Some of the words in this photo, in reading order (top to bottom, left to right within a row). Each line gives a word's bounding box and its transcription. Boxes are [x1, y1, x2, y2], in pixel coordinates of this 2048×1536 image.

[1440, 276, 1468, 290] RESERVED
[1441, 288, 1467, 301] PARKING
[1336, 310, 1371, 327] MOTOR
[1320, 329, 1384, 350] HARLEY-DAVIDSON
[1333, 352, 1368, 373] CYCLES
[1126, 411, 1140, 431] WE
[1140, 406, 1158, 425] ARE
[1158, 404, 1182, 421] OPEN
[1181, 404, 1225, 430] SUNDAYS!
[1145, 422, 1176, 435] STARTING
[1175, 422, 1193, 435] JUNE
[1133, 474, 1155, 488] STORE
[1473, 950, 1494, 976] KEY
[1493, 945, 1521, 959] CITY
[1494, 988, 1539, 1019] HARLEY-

•••••

Repeat the records above in full, character for character.

■ Exercise answer ■
Some of the words in this photo, in reading order (top to bottom, left to right within a row). Each line gives a word's bounding box and its transcription. Boxes are [x1, y1, x2, y2], in pixel coordinates of this 2048×1536 image.

[1440, 276, 1468, 290] RESERVED
[1441, 288, 1467, 301] PARKING
[1336, 310, 1371, 327] MOTOR
[1320, 329, 1384, 350] HARLEY-DAVIDSON
[1333, 352, 1368, 373] CYCLES
[1126, 411, 1140, 431] WE
[1140, 406, 1158, 425] ARE
[1158, 404, 1182, 421] OPEN
[1181, 404, 1225, 430] SUNDAYS!
[1145, 422, 1176, 435] STARTING
[1175, 422, 1193, 435] JUNE
[1133, 474, 1155, 488] STORE
[1473, 950, 1494, 976] KEY
[1493, 945, 1521, 959] CITY
[1494, 988, 1539, 1019] HARLEY-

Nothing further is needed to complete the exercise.